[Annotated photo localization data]
§

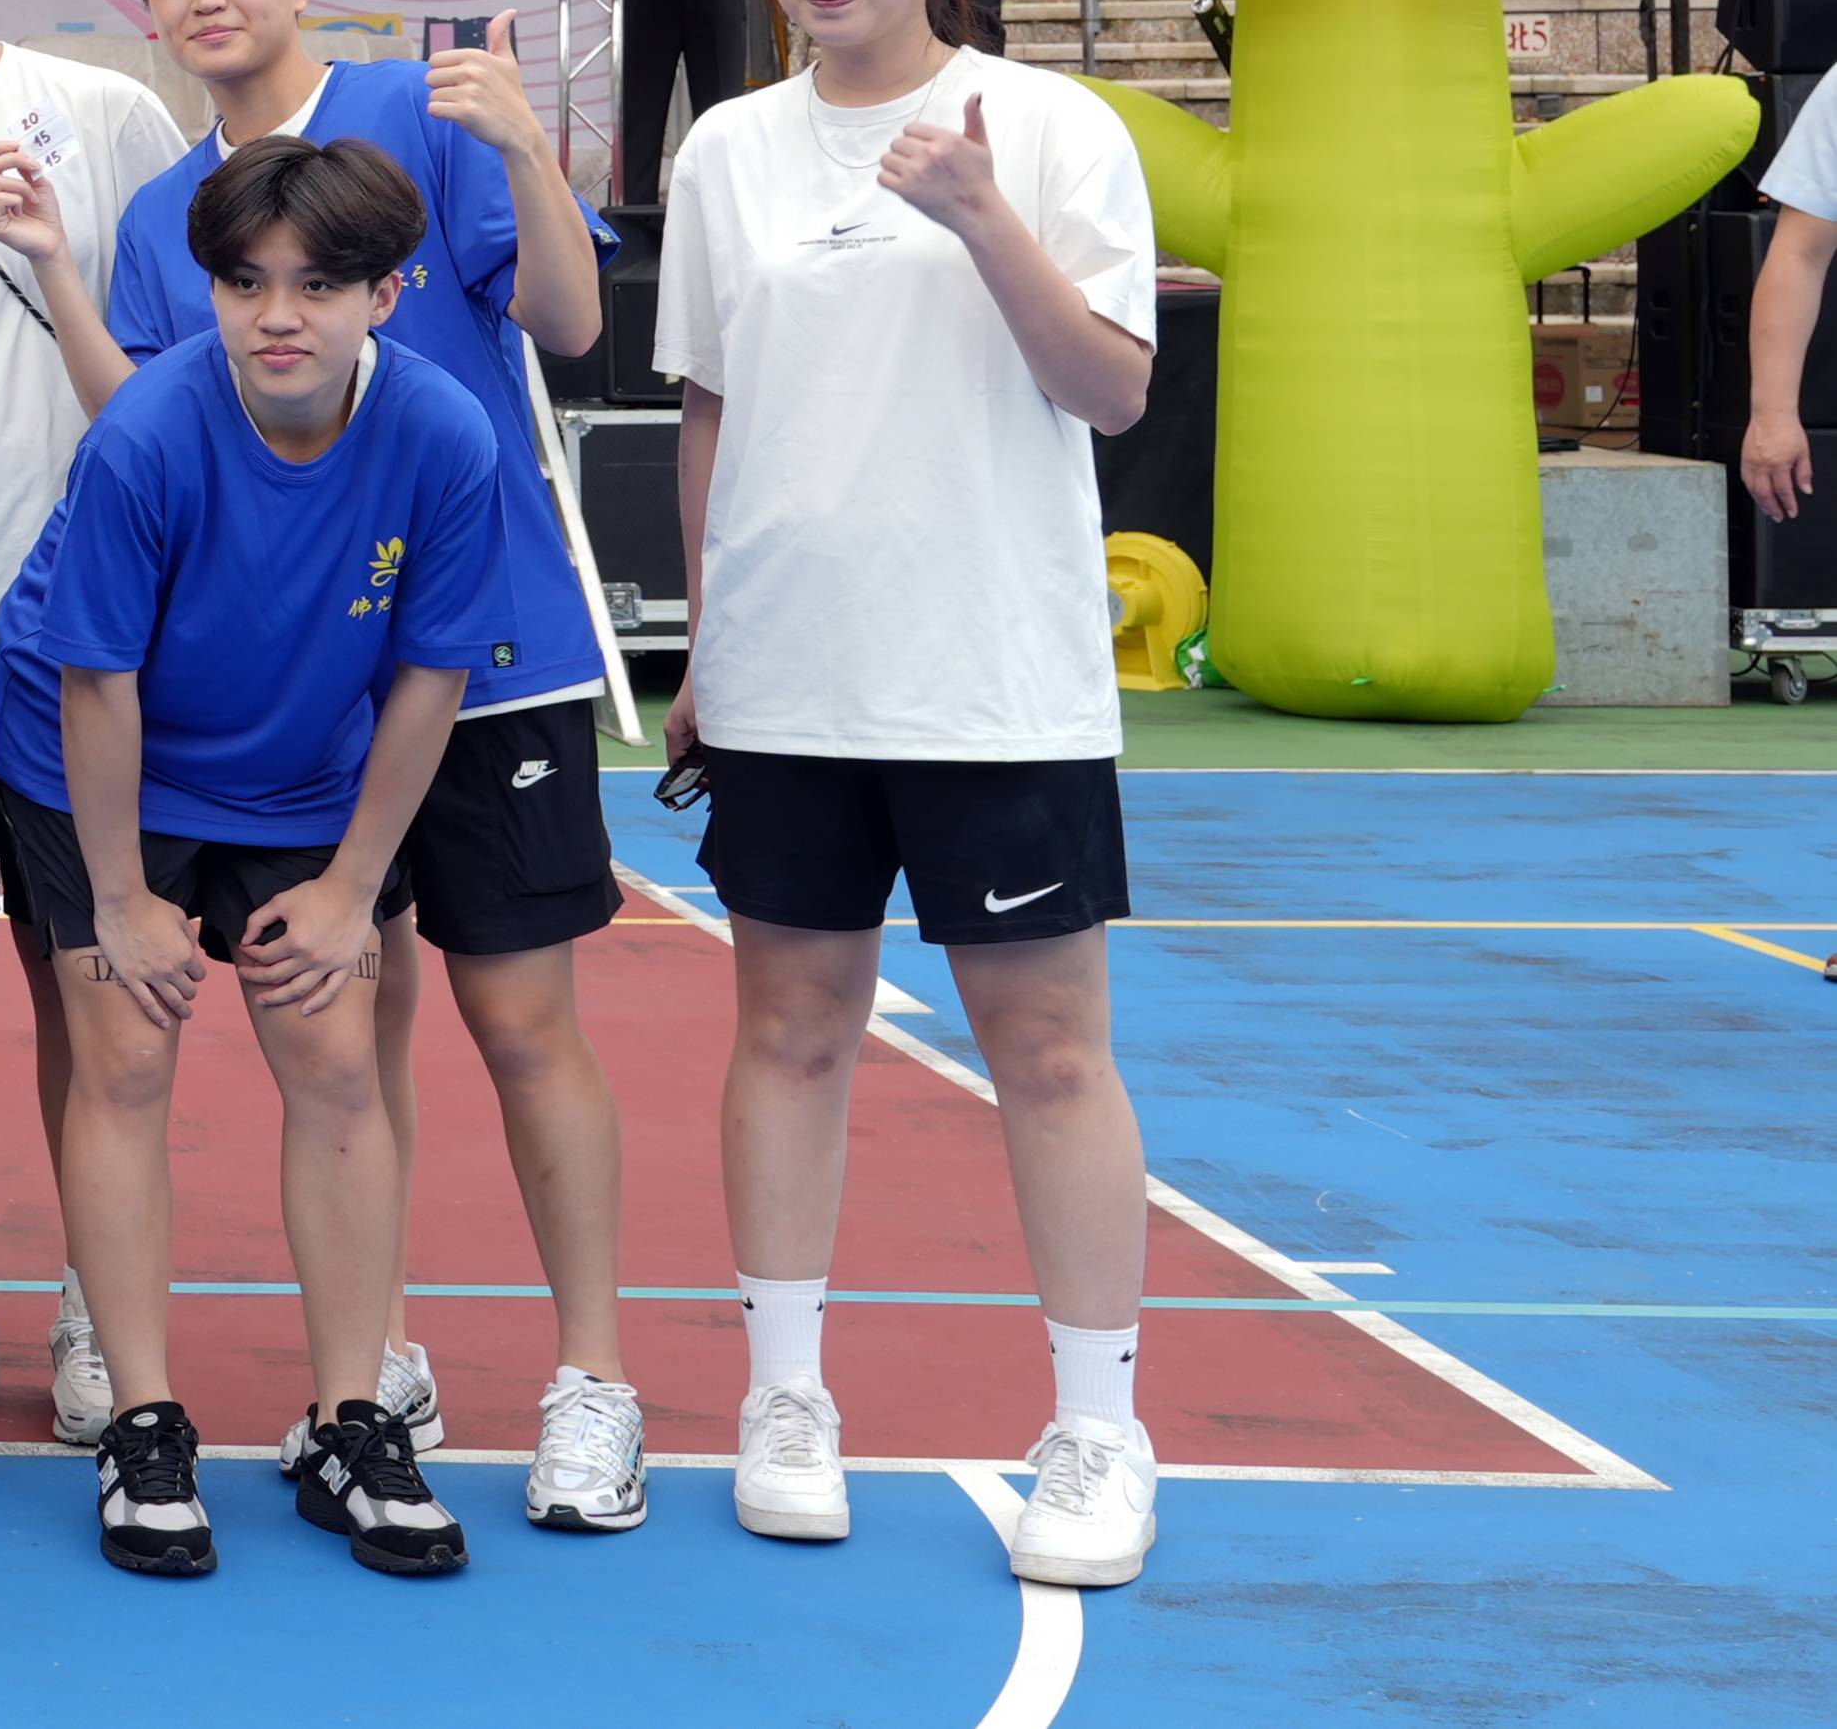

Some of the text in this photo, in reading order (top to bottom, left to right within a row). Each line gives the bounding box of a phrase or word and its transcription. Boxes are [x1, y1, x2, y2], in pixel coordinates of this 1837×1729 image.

[22, 112, 39, 131] 20
[34, 130, 51, 147] 15
[45, 151, 62, 167] 15
[519, 760, 549, 776] NIKE

§

Restate the records word for word and drop the images.

#### Solution to this exercise
Some of the text in this photo, in reading order (top to bottom, left to right within a row). Each line gives the bounding box of a phrase or word and its transcription. Boxes are [x1, y1, x2, y2], in pixel coordinates of this 1837×1729 image.

[22, 112, 39, 131] 20
[34, 130, 51, 147] 15
[45, 151, 62, 167] 15
[519, 760, 549, 776] NIKE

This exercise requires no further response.